Restoration Music from Westminster Abbey
William CHILD (1606-1697) O praise the Lord [2.41]
John BLOW (1649-1708) Voluntary in A [2.29]; God is our hope and strength [3.20]; Venite [3.35]
William TURNER (1651-1740) Psalm 113 [2.35]
John BLOW Voluntary in D minor [2.43]
Henry PURCELL (1659-1695) Benedicite [7.30]; Benedictus [4.26]; O Lord God of hosts [4.29]
John BLOW Voluntary in D minor [3.14]; Salvator mundi, salva nos [3.44]
Henry PURCELL Jehova, quam multi sunt hostes mei [6.27]; Voluntary in D minor [3.35]; Hear my prayer, O Lord [2.26]
William TURNER Psalm 54 [2.37]
Henry PURCELL Voluntary in C major [1.27]; Magnificat [3.54]; Nunc dimittis [1.58]; Lord, how long wilt thou be angry [3.49]; Voluntary in G major [3.07]
The Choir of Westminster Abbey/James O Donnell
Robert Quinney (organ)
rec. Westminster Abbey, 11-12, 22-23 June 2009. DDD
HYPERION CDA67792 [70.06]

This superb disc presents music associated with Westminster Abbey; that would most likely have been sung by the Choir of the Abbey in the late 1670s and early 1680s. It is here performed in the Abbey itself by the current Choir, conducted with flair and proficiency by James O’Donnell.

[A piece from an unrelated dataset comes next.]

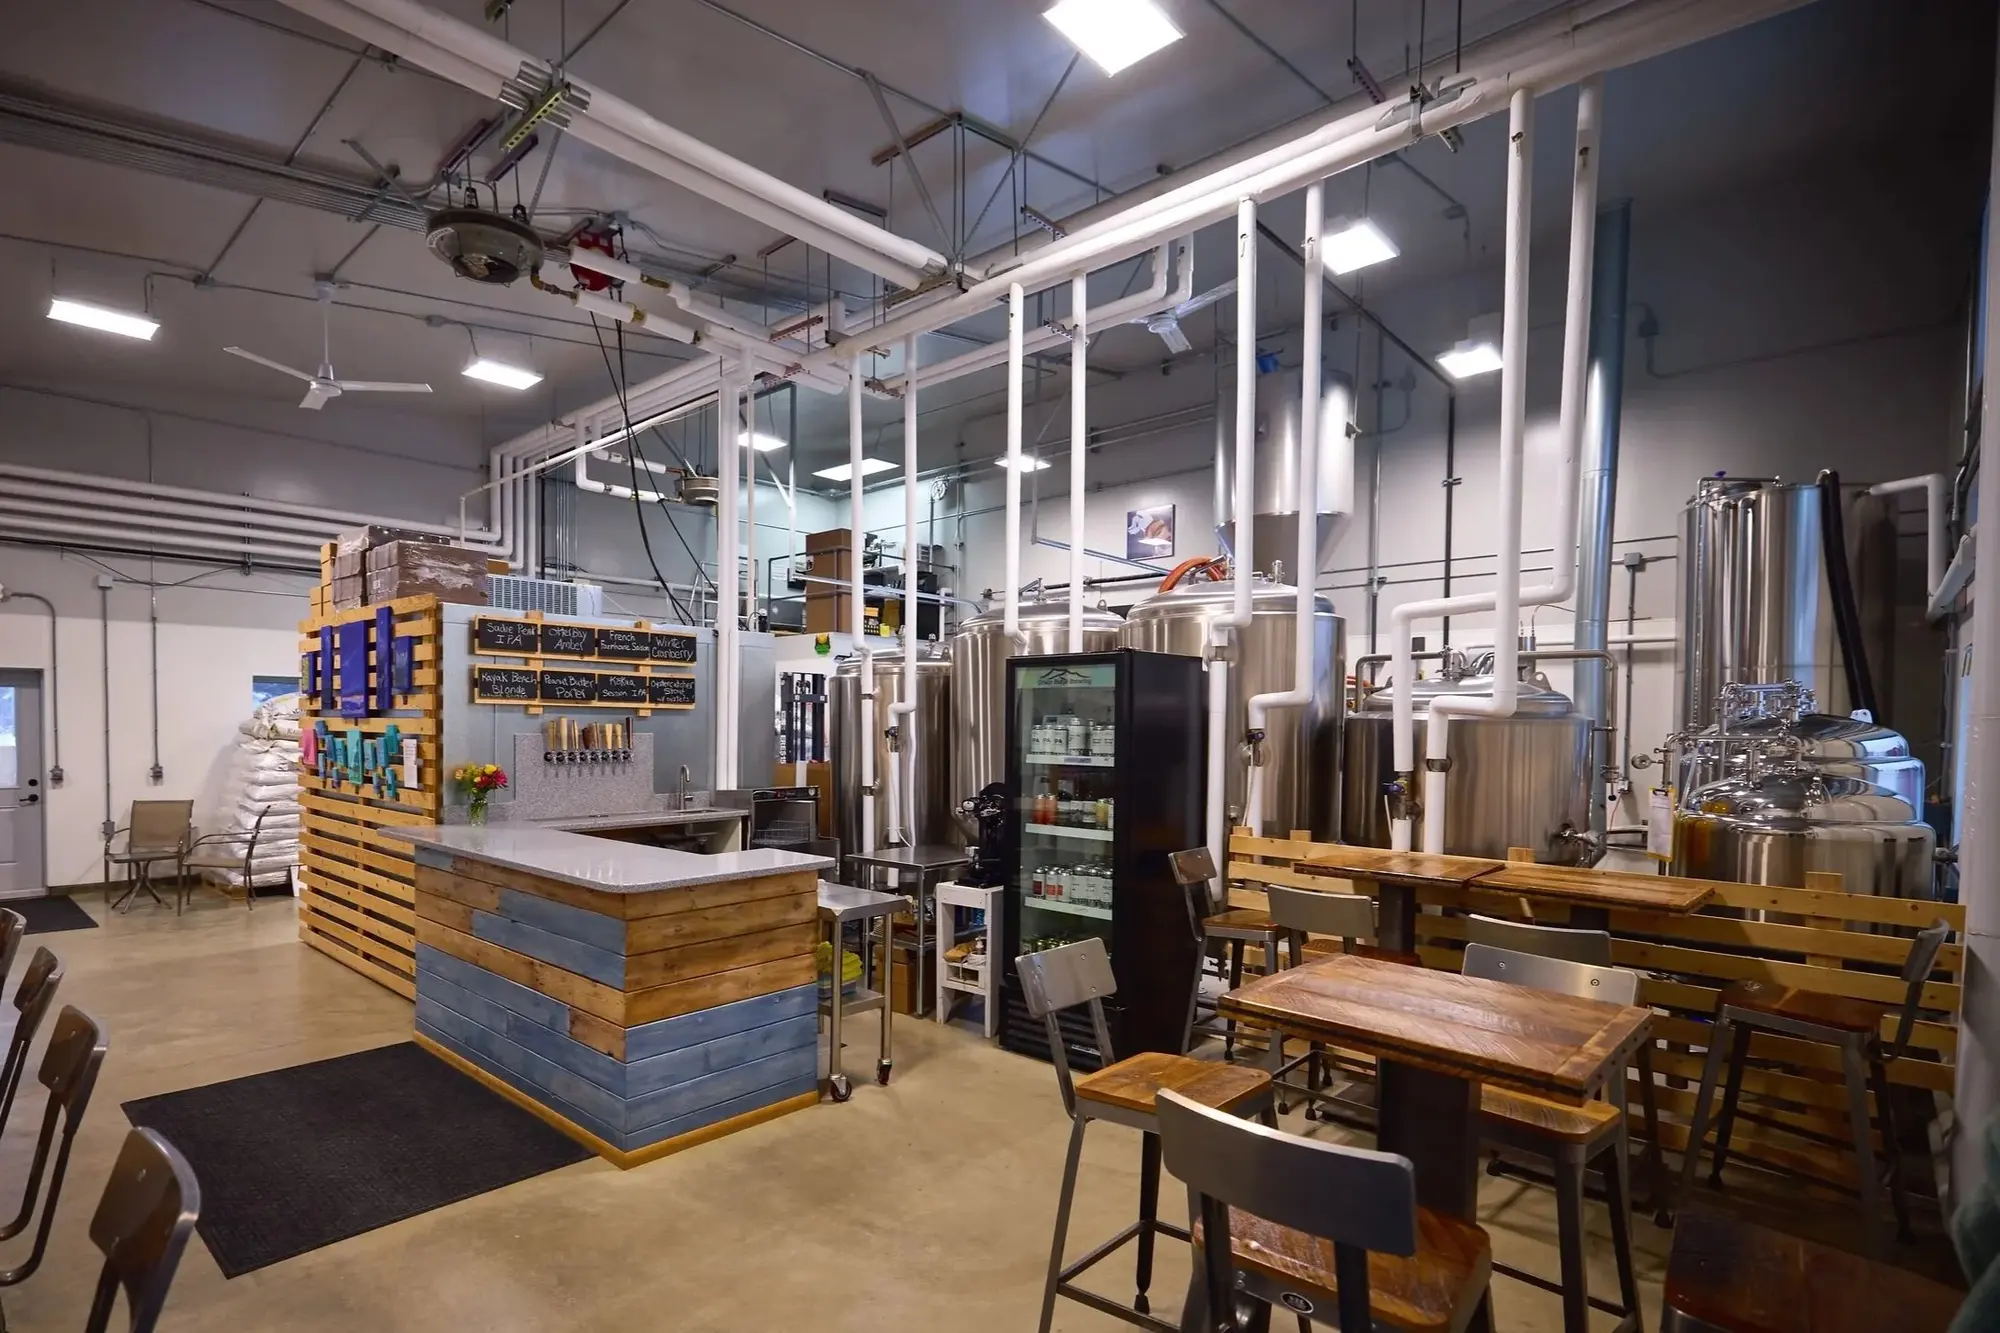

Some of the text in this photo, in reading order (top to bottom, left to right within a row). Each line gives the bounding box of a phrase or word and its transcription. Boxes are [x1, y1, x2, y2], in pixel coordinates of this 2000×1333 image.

The programme includes four canticles from the Service in B flat by the most famous organist of Westminster Abbey, Purcell - in which Service the great composer set all the available Office texts. These are interspersed with anthems and motets as well as voluntaries by Purcell and Blow – who had been the organist at the Abbey both before and after Purcell. The voluntaries are here played by Robert Quinney with both virtuosity and elegance.

The disc opens with a work by William Child, who wrote a vast amount of music for the restored Anglican Church after the Commonwealth. From the very first note of Child’s O Praise the Lord, it is clear that the Choir are going to live up to their outstanding reputation.

The other composer to be featured is William Turner - a Gentleman of the Chapel Royal and a Lay Vicar at the Abbey. Two chants by him appear here – the Psalms 113 and 54, which the Choir imbue with great beauty and musicality. Other highlights of the programme include Blow’s God is our hope and strength, and Hear my prayer, O Lord, one of Purcell’s most powerful works – here given an exultant and radiant performance.

My only criticism is that the men – on occasion – appear slightly to lack conviction and purpose when exposed. The boys, on the other hand, are superb throughout; a bit breathy maybe but nevertheless extremely beautiful and with superb intonation. They sing with both clarity of diction and with intelligence and imagination.

A lovely programme; pleasing sound and balance, and some exquisite music-making.

Em Marshall

A lovely programme; pleasing sound and balance, and some exquisite music-making.